A significant challenge in a GEG is the integration of diverse EMs, each characterized by distinct regulatory frameworks, pricing systems, and operational standards. Combining these disparities necessitates synchronized international policies and agreements, with the establishment of adaptable market frameworks capable of accommodating diverse regional patterns. Handling these problems is essential for ensuring the effective and fair functioning of a GEG. Harnessing RESs in regions with high resource potential presents an attractive approach for advancing global decarbonization initiatives [246]. However, a growing body of research highlights a competing trend: the prioritization of decentralized RE systems. Some studies argue that decentralized RESs represent a cost-efficient solution, leveraging advancements in localized energy systems and reducing reliance on large-scale infrastructure. On the other hand, others emphasize societal preferences for utilizing indigenous resources, which can enhance energy security, support local economies, and foster community resilience.
The lack of experience with long-distance interconnection projects, particularly those involving subsea pathways, introduces uncertainties regarding how local environmental conditions, geography, and terrain could impact the feasibility of such projects [246]. These factors can significantly influence both the technical challenges and cost estimates, making it difficult to predict the overall success and sustainability of the infrastructure.

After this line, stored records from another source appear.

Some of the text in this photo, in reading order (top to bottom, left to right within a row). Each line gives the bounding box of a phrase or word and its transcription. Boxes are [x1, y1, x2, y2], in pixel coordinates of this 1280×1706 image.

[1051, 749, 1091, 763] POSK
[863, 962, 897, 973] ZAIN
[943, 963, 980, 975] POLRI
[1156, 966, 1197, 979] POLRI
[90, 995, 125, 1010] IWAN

As such, thorough site assessments and innovative solutions are crucial to mitigate these uncertainties. Another challenge is that integrating power systems can lead to a more balanced distribution of marginal electricity prices across regions. While this can reduce overall costs, it may also result in higher electricity generation costs and, consequently, higher prices for consumers in certain regions. Additionally, there are concerns around energy sovereignty, political influence over domestic energy policies, resistance from market players to new entrants, and local opposition to interconnector projects.

5. Conclusions

This paper provides an in-depth analysis of the available research on the idea of the global grid, a system that connects electricity networks across continents to facilitate the efficient sharing of RE. Furthermore, it examines existing initiatives that support this concept and evaluates the current state of intercontinental interconnection projects, highlighting their progress, challenges, and future prospects. It examines the progress made so far in steps toward realizing a global grid and evaluates key initiatives and intercontinental interconnection projects, assessing their current state, challenges, and opportunities. Additionally, the paper highlights and performs a comprehensive analysis of the three main pillars critical to the development of a global grid: RE Site Selection, which ensures optimal resource utilization; Global Energy Trading, which facilitates equitable and efficient energy exchange; and HVDC Technology and TL Development, which are essential for transmitting electricity over long distances with minimal losses.
The discussion of the challenges and benefits associated with a global grid is essential for understanding the key barriers and opportunities in achieving an interconnected energy system. Therefore, this study provides a thorough examination of these factors, offering a comprehensive analysis of their impact on the feasibility, scalability, and potential benefits of global grid development. By highlighting the technical, economic, and geopolitical considerations, the study offers valuable insights that can inform future research, policy-making, and practical strategies for realizing a sustainable, efficient, and resilient global energy infrastructure. These findings are crucial for guiding the transition towards a more integrated and low-carbon global energy future.
Recent trends in the evolution of the global grid concept indicate a significant reduction in the expenses associated with long-distance transmission technologies, especially land-based and subsea HVDC. This reduction is primarily propelled by the accelerated economic expansion and increasing energy demand, as well as by technological advancements and economies of scale. Furthermore, there is a discernible transition towards intercontinental interconnector initiatives with enhanced transmission capacities, addressing the difficulties encountered by earlier large-scale projects. These pragmatic projects emphasize enhancing feasibility, sustainability, and risk management. Initiatives promoting the global grid have gained substantial momentum in recent years, indicating heightened global interest, collaboration, and advancement towards a more integrated and resilient energy system.

Author Contributions

Conceptualization, B.K.D., S.B. and A.M.; writing—original draft preparation, B.K.D. and A.H.; supervision, S.B., A.M., D.E. and P.S.; writing—review and editing, B.K.D., S.B., D.Z. and P.S. All authors have read and agreed to the published version of the manuscript.

Funding

This research was funded by the SPARC scheme grant number SPARC/2019-2020/P2873/SL and The APC was funded by Daria Zychma.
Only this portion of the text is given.